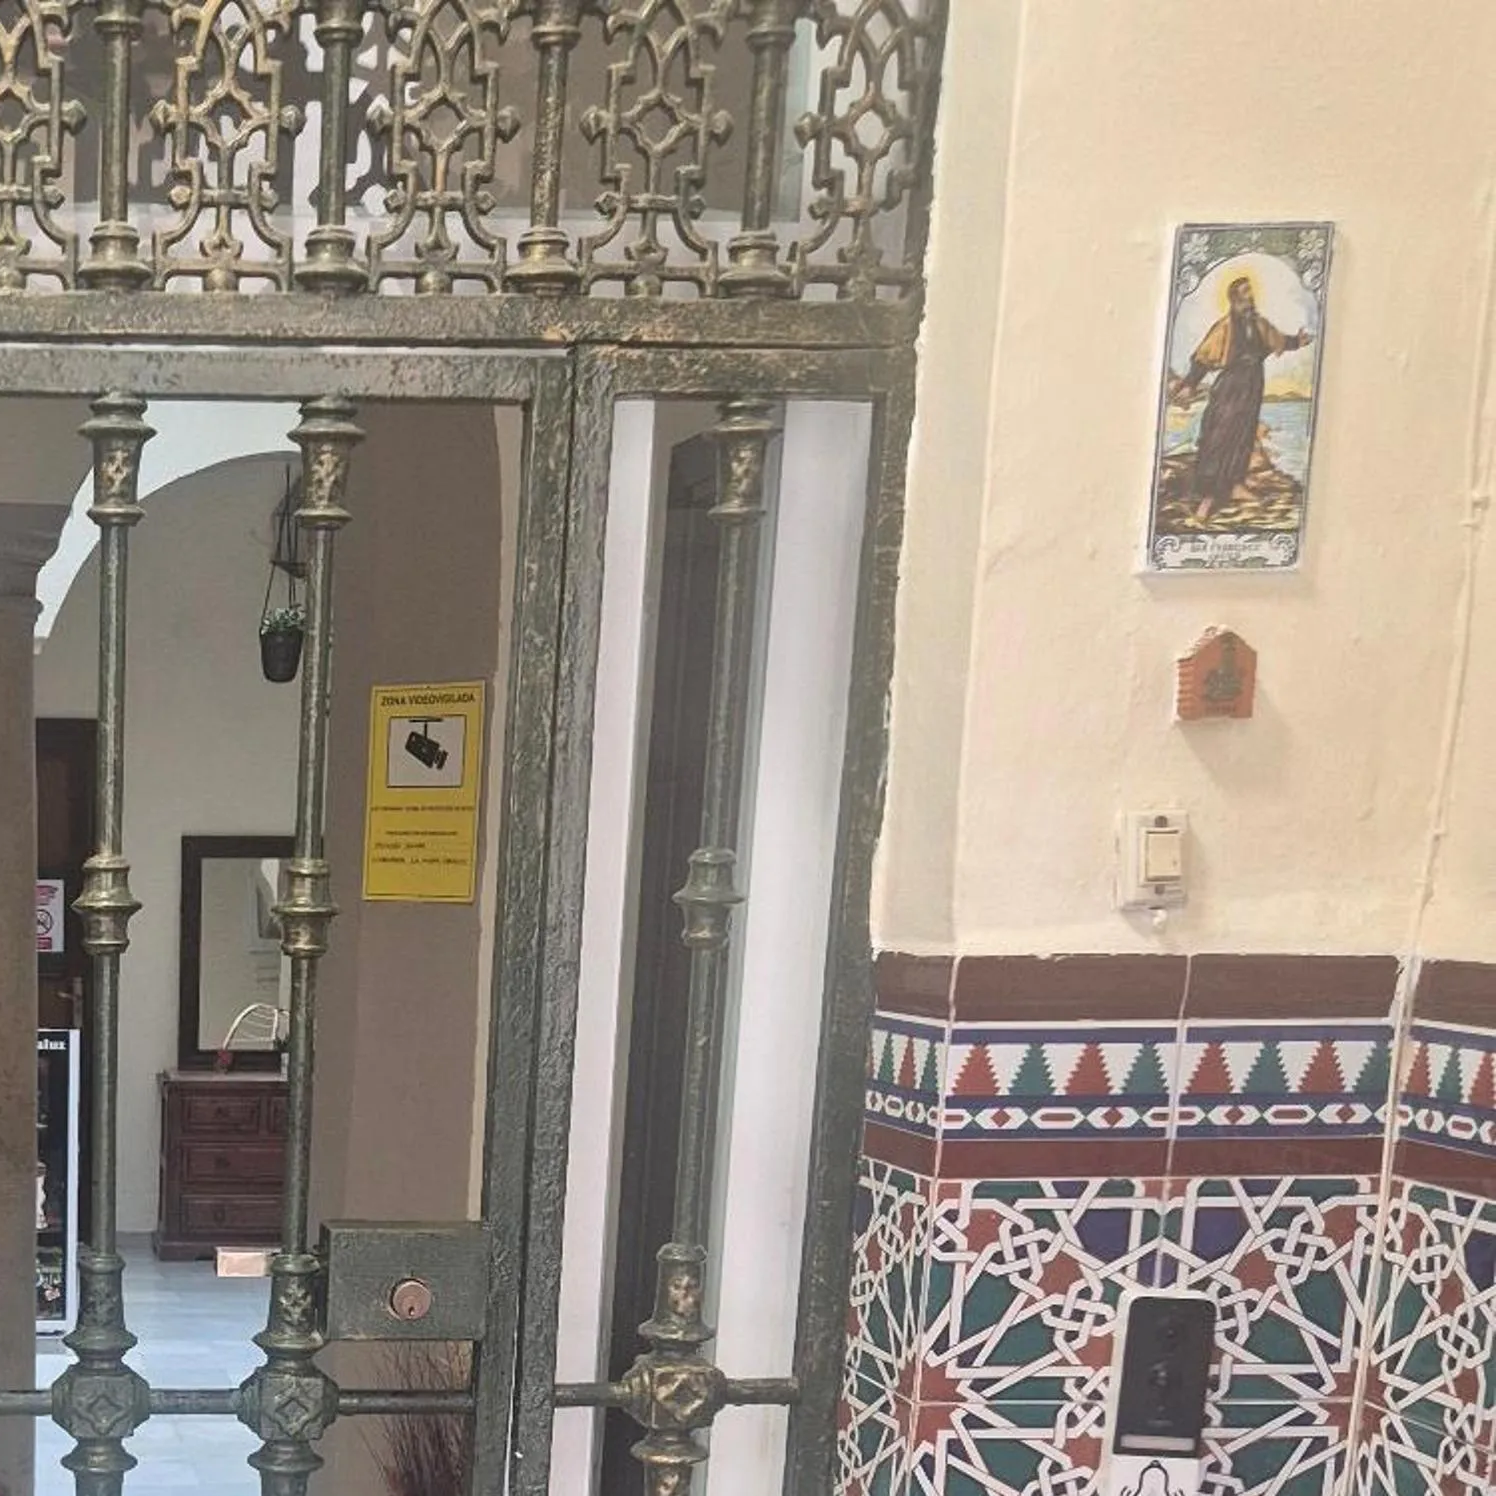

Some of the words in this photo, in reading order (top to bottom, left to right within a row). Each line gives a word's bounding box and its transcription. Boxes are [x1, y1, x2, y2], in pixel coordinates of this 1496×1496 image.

[381, 696, 407, 707] ZONA
[410, 693, 475, 706] VIDEOVIGILADA
[37, 1038, 66, 1050] alux
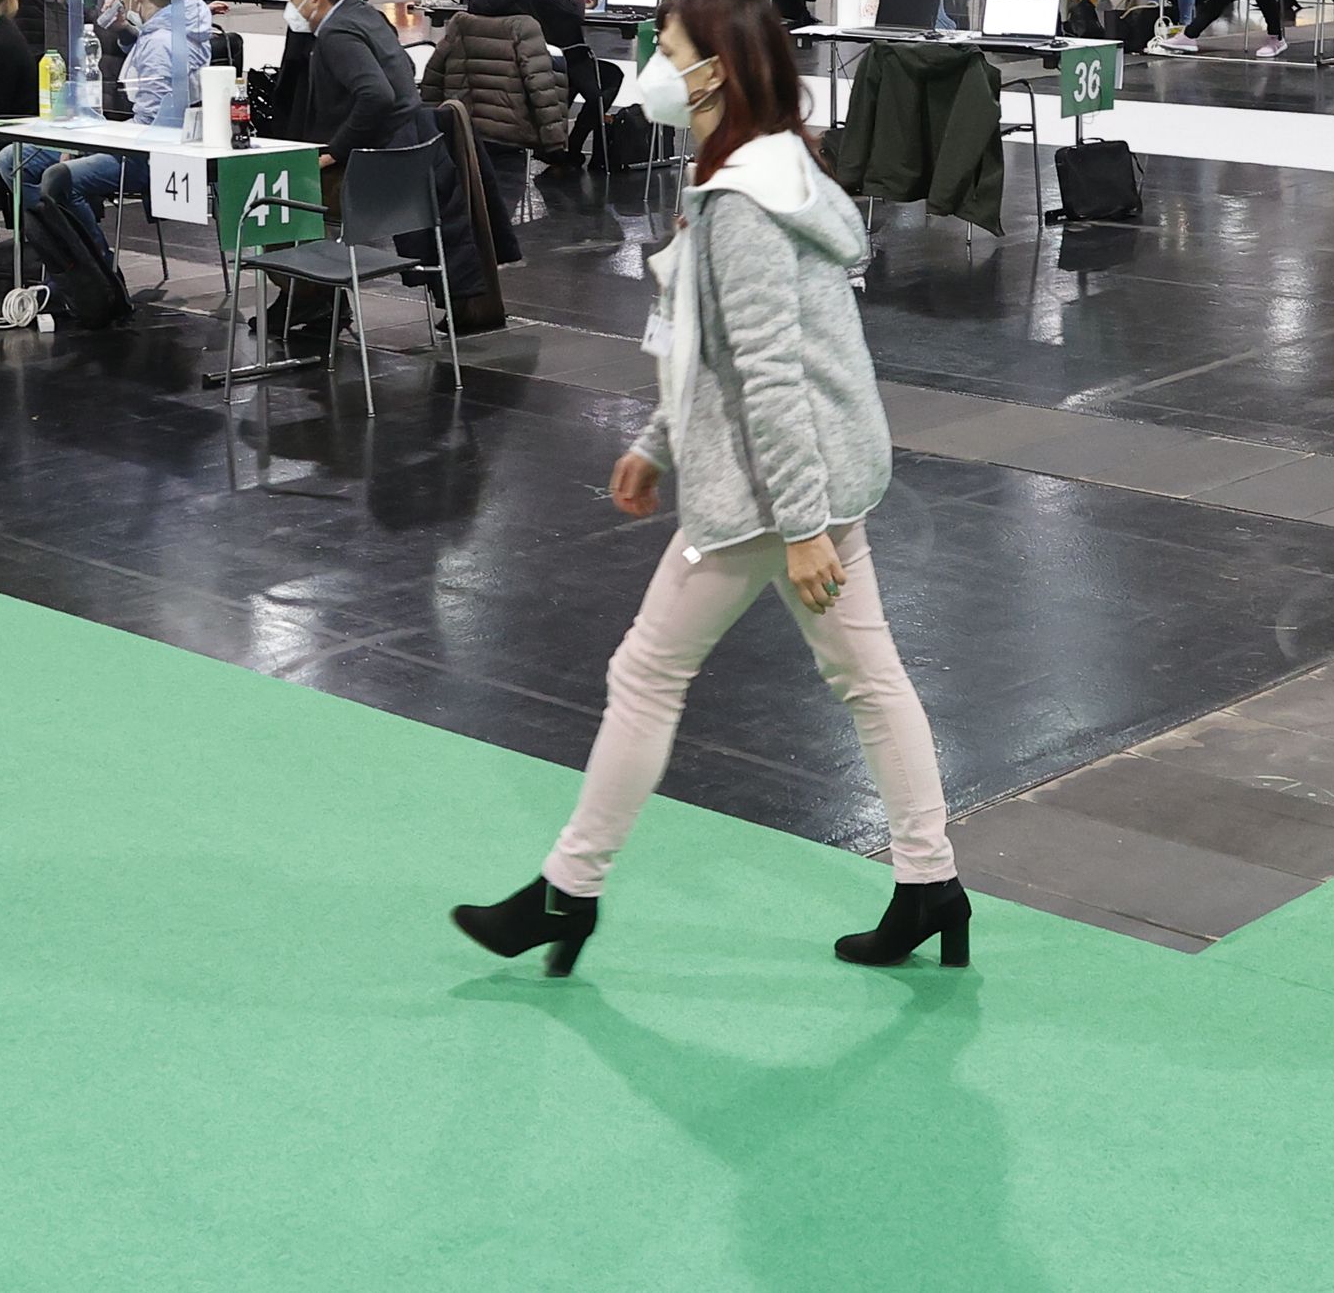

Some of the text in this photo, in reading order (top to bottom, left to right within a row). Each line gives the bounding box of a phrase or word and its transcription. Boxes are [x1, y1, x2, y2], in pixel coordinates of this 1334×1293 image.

[1073, 59, 1102, 103] 36
[165, 171, 190, 203] 41
[243, 170, 291, 227] 41
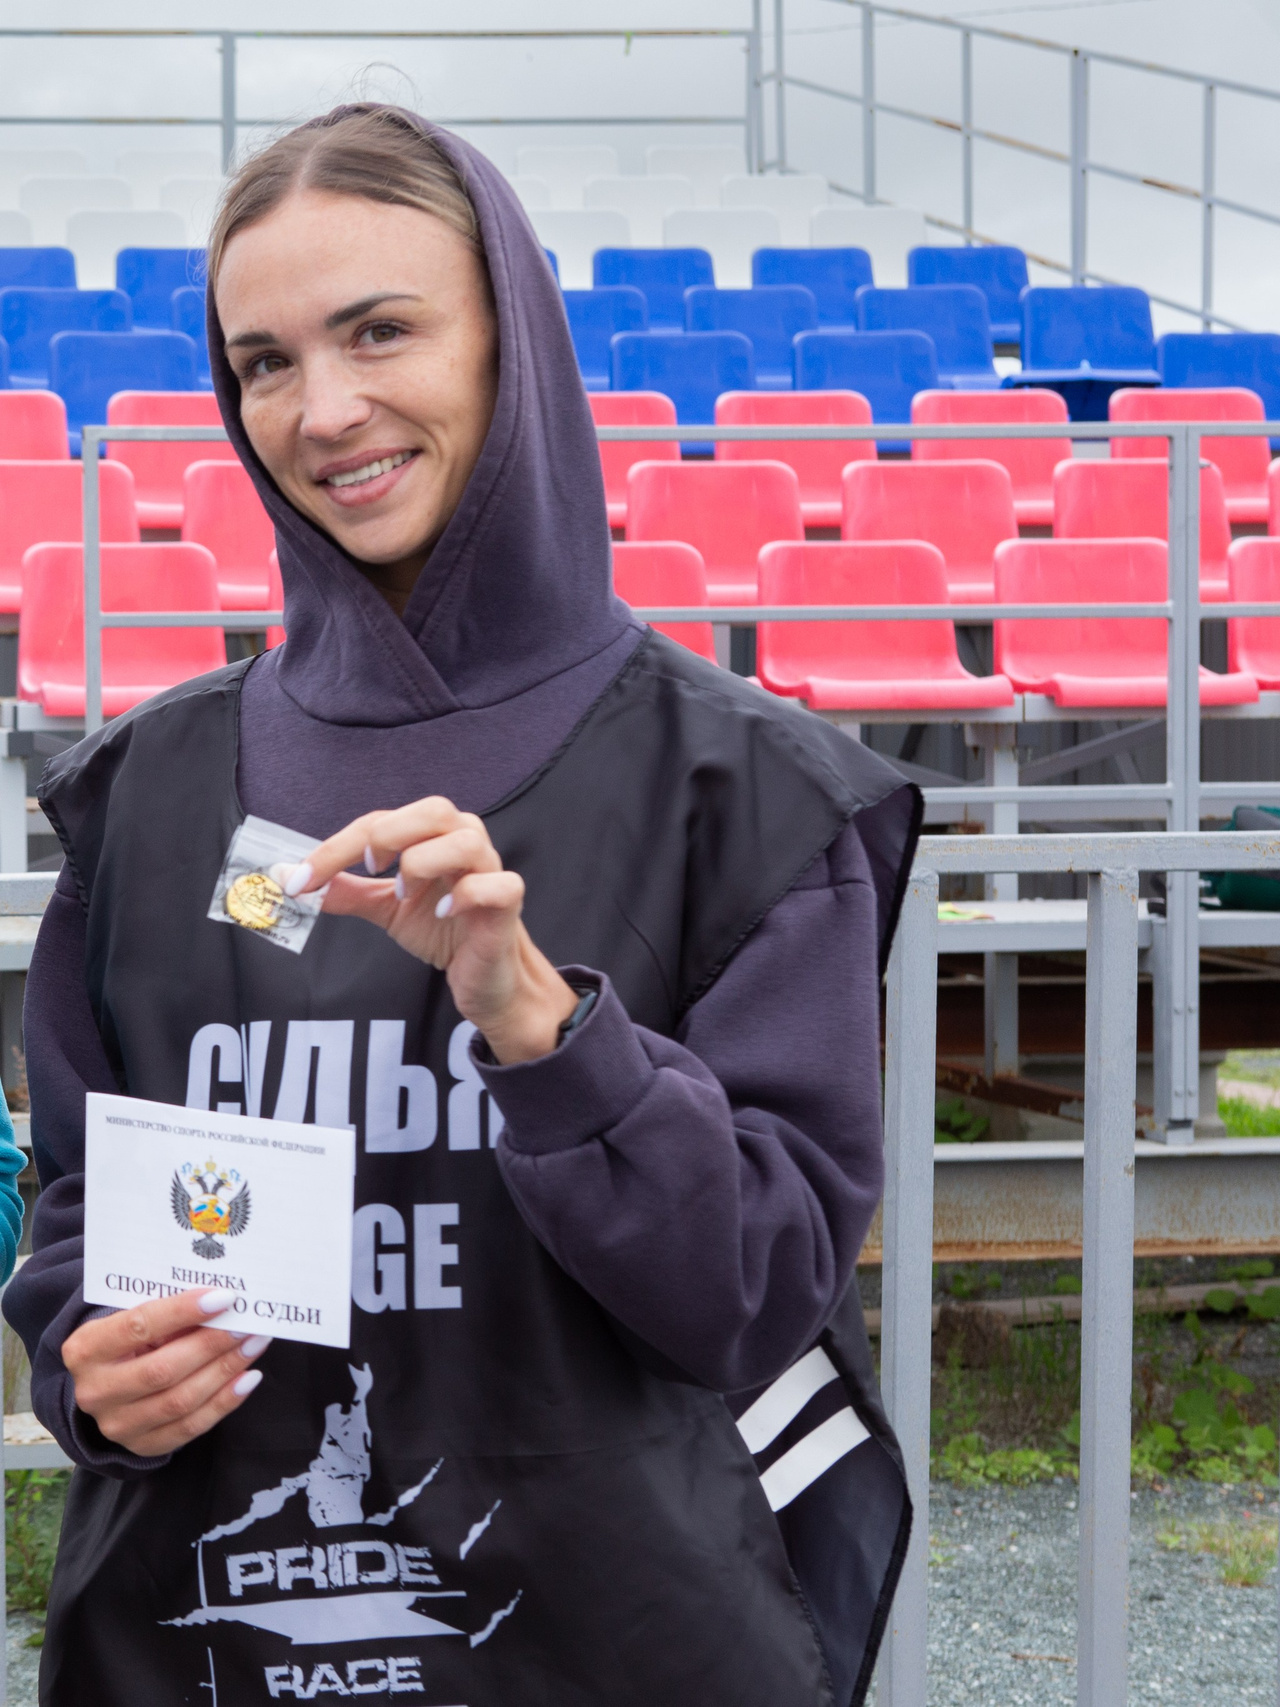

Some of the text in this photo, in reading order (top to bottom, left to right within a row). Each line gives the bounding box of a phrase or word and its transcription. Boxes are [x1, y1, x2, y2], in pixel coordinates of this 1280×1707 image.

[104, 1115, 172, 1135] МИНИСТЕРСТВО
[173, 1125, 207, 1139] СПОРТА
[171, 1266, 247, 1291] КНИЖКА
[254, 1297, 322, 1326] СУДЬИ
[226, 1539, 442, 1597] PRIDE
[263, 1655, 425, 1699] RACE
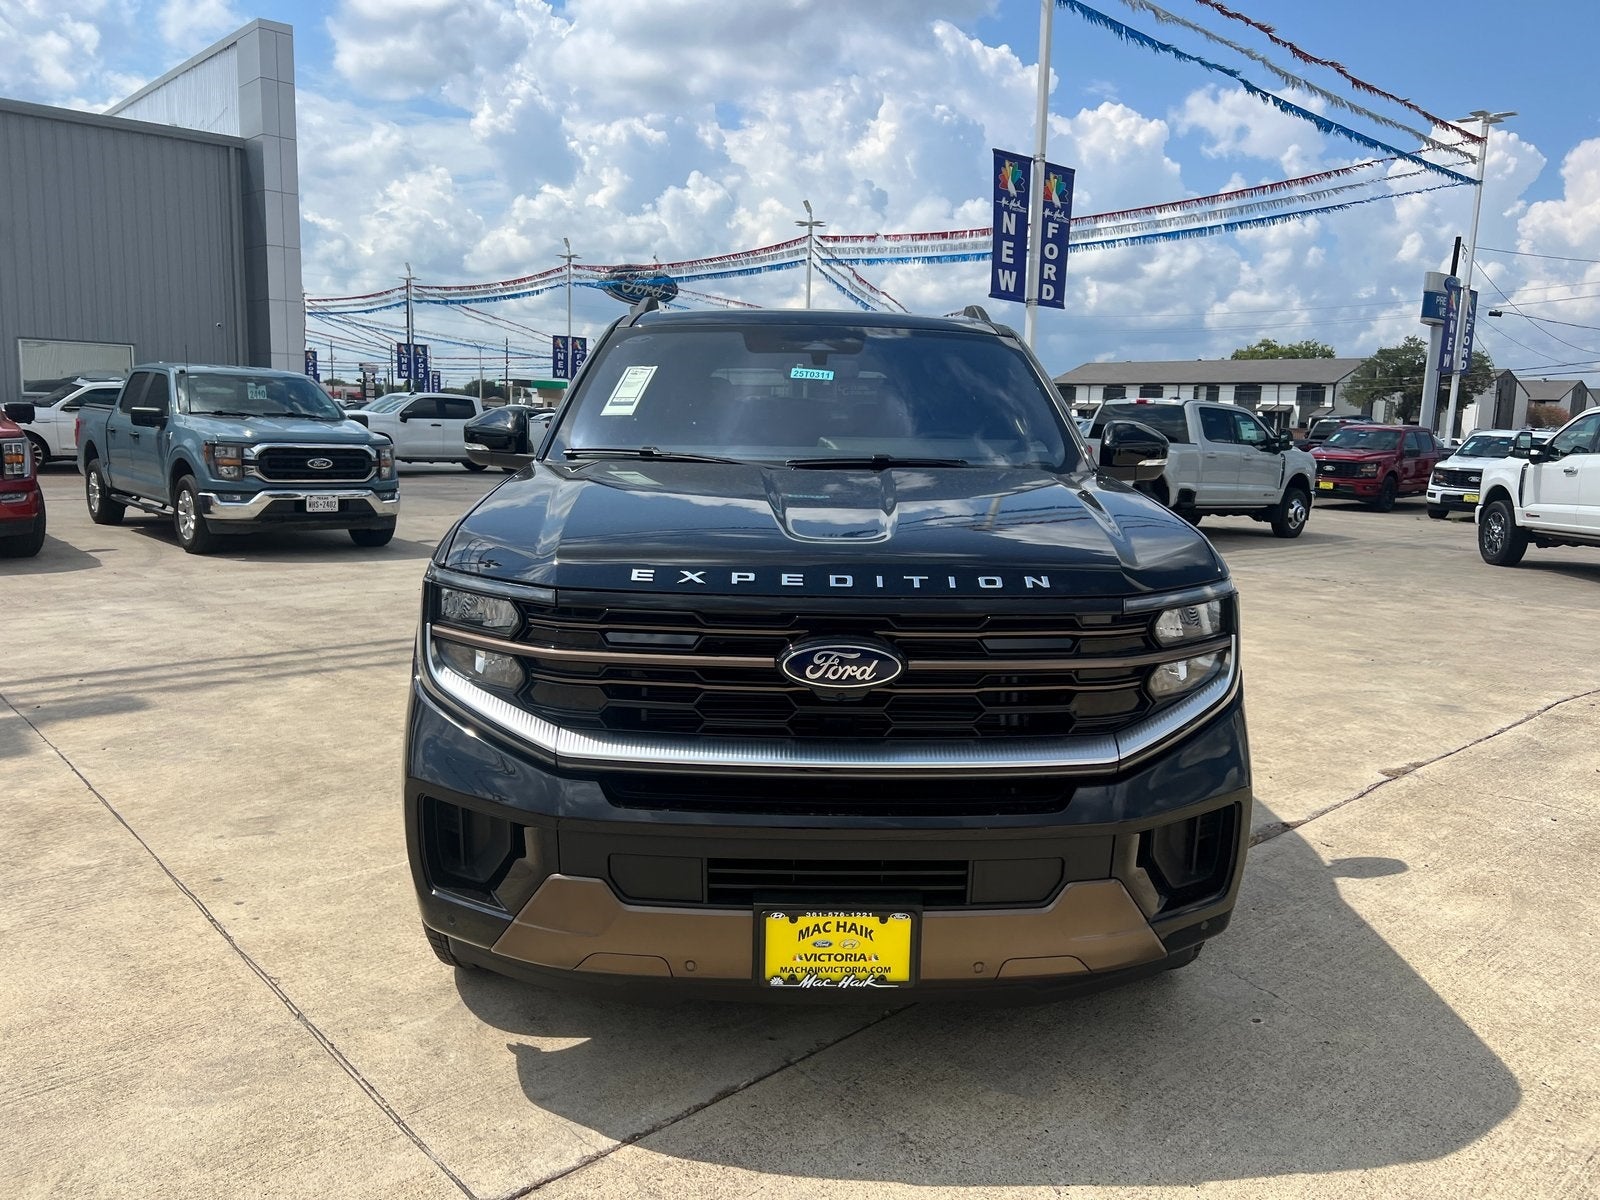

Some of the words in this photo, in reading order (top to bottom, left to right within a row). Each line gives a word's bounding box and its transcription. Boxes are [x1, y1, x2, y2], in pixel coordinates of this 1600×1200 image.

------------------------

# To do
Write out each record exactly as shown, but not its pictures.

# Result of the task
Some of the words in this photo, in reading order (top to bottom, left to right within a row). Each line gives a word's bounding box and its transcription. Boxes are [x1, y1, x2, y2], in pixel coordinates of this 1496×1496 image.

[381, 696, 407, 707] ZONA
[410, 693, 475, 706] VIDEOVIGILADA
[37, 1038, 66, 1050] alux

Some of the text in this photo, in reading order (top to bottom, left to right within a row). Each line gives the bounding box of a phrase or word and its transcription. Boxes are [x1, y1, x2, y2], in pixel coordinates of this 1334×1293 image.

[1073, 59, 1102, 103] 36
[165, 171, 190, 203] 41
[243, 170, 291, 227] 41

Some of the text in this photo, in reading order (top to bottom, left to right within a row). Each line gives the bounding box of a phrase or word and its transcription. Boxes are [x1, y1, x2, y2], in pixel coordinates of this 1280×1707 image.

[104, 1115, 172, 1135] МИНИСТЕРСТВО
[173, 1125, 207, 1139] СПОРТА
[171, 1266, 247, 1291] КНИЖКА
[254, 1297, 322, 1326] СУДЬИ
[226, 1539, 442, 1597] PRIDE
[263, 1655, 425, 1699] RACE

Some of the words in this photo, in reading order (top to bottom, left to right within a row). Each line gives a word's bounding box and its transcription. Boxes are [x1, y1, x2, y2], in pixel coordinates of this 1600×1200 image.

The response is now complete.